There's a lot of obvious things and obvious context that we don't document explicitly (in our worklog system or otherwise), which I've noticed before. Some of those obvious things don't really need to be documented because we do them all of the time, but I'm sure there's other things I'm dealing with right now that I won't be in six months. And even for the things that we do all the time, maybe it wouldn't hurt to explicitly write them up once (or every so often, or at least re-check the standard 'how we do X' documentation every so often).
(Also, just because we do something all the time right now doesn't mean we always will. What we do routinely can shift over time, and we won't even necessarily directly notice the shift; it may just slowly be more and more of this and less of that. Or perhaps we'll introduce a system that automates a lot of something we used to do by hand.)
The other side of this, and part of why I'm writing this entry, is that I shouldn't feel silly about documenting the obvious, or at least I shouldn't let that feeling stop me from doing it. There's value in doing it even if the obvious remains obvious to me, and I should keep on doing a certain amount of it.
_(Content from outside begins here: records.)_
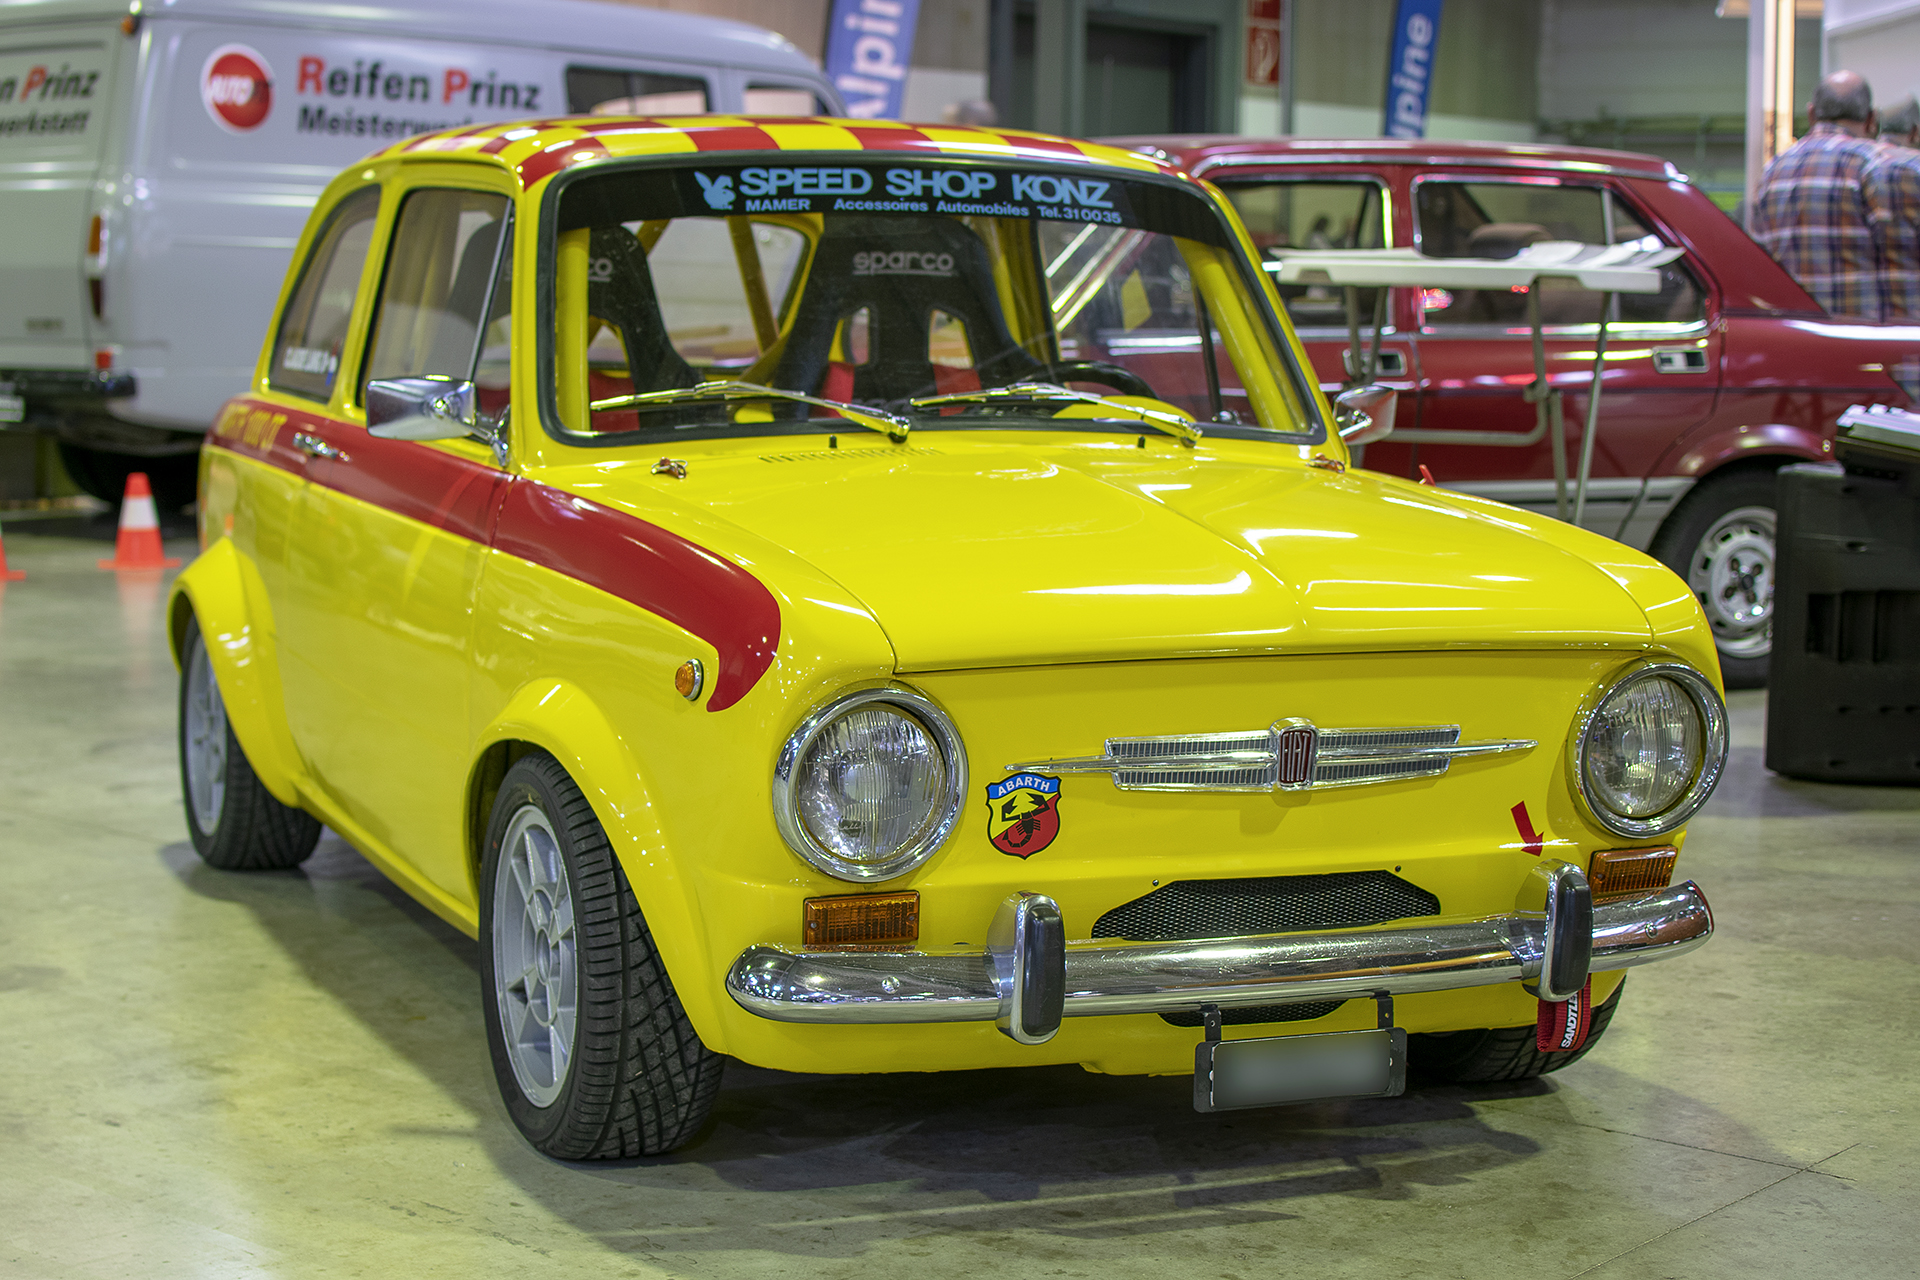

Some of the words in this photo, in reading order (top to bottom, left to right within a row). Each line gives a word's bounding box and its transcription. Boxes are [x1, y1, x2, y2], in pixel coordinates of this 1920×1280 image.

[19, 63, 100, 103] Prinz
[297, 56, 430, 102] Reifen
[442, 68, 541, 110] Prinz
[1390, 12, 1433, 138] lpine
[739, 168, 873, 196] SPEED
[885, 168, 997, 198] SHOP
[1012, 173, 1114, 209] KONZ
[745, 198, 811, 212] MAMER
[833, 198, 929, 212] Accessoires
[936, 200, 1030, 217] Automobiles
[853, 251, 954, 275] sparco
[1281, 731, 1310, 782] FIAT
[998, 776, 1050, 797] ABARTH
[1561, 991, 1578, 1048] SANDTLE
(Telling myself not to feel things is probably mostly futile. Humans are not rational robots, no matter how much we tell ourselves that we are.)
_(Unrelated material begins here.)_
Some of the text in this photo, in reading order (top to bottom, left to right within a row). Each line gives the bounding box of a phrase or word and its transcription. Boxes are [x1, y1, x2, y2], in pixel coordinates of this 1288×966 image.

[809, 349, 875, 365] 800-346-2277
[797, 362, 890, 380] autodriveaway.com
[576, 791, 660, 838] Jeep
Notes on Grafana 'value groups' for dashboard variables
Suppose, not hypothetically, that you have some sort of Grafana overview dashboard that can show you multiple
hosts at once in some way. In many situations, you're going to want
to use a Grafana dashboard variable to
let you pick some or all of your hosts. If you're getting the data
for what hosts should be in your list from Prometheus, often you'll
want to use label_values()
to extract the data you want. For example, suppose that you have
a label field called 'cshost
' that is your local short host
name for a host. Then a plausible Grafana query for 'all of our hosts'
for a dashboard variable would be:
label_values( node_load1, cshost )
(Pretty much every Unix that the Prometheus host agent runs on will supply a load average, although they may not supply other metrics.)
However, if you have a lot of hosts, this list can be overwhelming and also you may have sub-groupings of hosts, such as all SLURM nodes that you want to make it convenient to narrow down to. To support this, Grafana has a dashboard variable feature called value groups or just 'tags'. Value groups are a bit confusing and aren't as well documented as dashboard variables as a whole.
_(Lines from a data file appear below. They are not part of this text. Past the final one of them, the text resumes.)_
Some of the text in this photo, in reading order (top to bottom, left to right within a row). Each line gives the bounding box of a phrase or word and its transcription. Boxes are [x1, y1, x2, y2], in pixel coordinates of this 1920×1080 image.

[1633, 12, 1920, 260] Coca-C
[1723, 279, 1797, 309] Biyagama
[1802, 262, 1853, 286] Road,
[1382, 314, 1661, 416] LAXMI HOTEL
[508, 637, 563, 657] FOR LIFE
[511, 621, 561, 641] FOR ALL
There are two parts to setting up a value group; you need a query that will give Grafana the names of all of the different groups (aka tags), and then a second query that will tell Grafana which hosts are in a particular group. Suppose that we have a metric to designate which classes a particular host is in:
cslab_class{ cshost="cpunode2", class="comps" } 1 cslab_class{ cshost="cpunode2", class="slurmcpu" } 1 cslab_class{ cshost="cpunode2", class="c6220" } 1
We can use this metric for both value group queries. The first
query is to get all the tags, which are all the values of class
:
label_values( cslab_class, class )
Note that we don't have to de-duplicate the result; Grafana will do that for us (although we could do it ourselves if we wanted to make a slightly more complex query).
The second query is to get all of values for a particular group (or
tag), which is to say the hosts for a specific class. In this query,
we have a special Grafana provided $tag
variable that refers to the
current class, so our query is now for the cshost
label for things
with that class:
label_values( cslab_class{ class="$tag" }, cshost )
It's entirely okay for this query to return some additional hosts (values) that aren't in our actual dashboard variable; Grafana will quietly ignore them for the most part.
Although you'll often want to use the same metric in both queries,
it's not required. Both queries can be arbitrary and don't have to be
particularly related to each other. Obviously, the results from the
second query do have to exactly match the values you have in the
dashboard variable itself. Unfortunately you don't have regexp
rewriting for your results the way you do for the main dashboard
variable query, so with Prometheus you may need to do some rewriting
in the query itself using label_replace()
.
Also, there's no preview of what value groups (tags) your query
generates, or what values are in what groups; you have to go play
around with the dashboard to see what you get.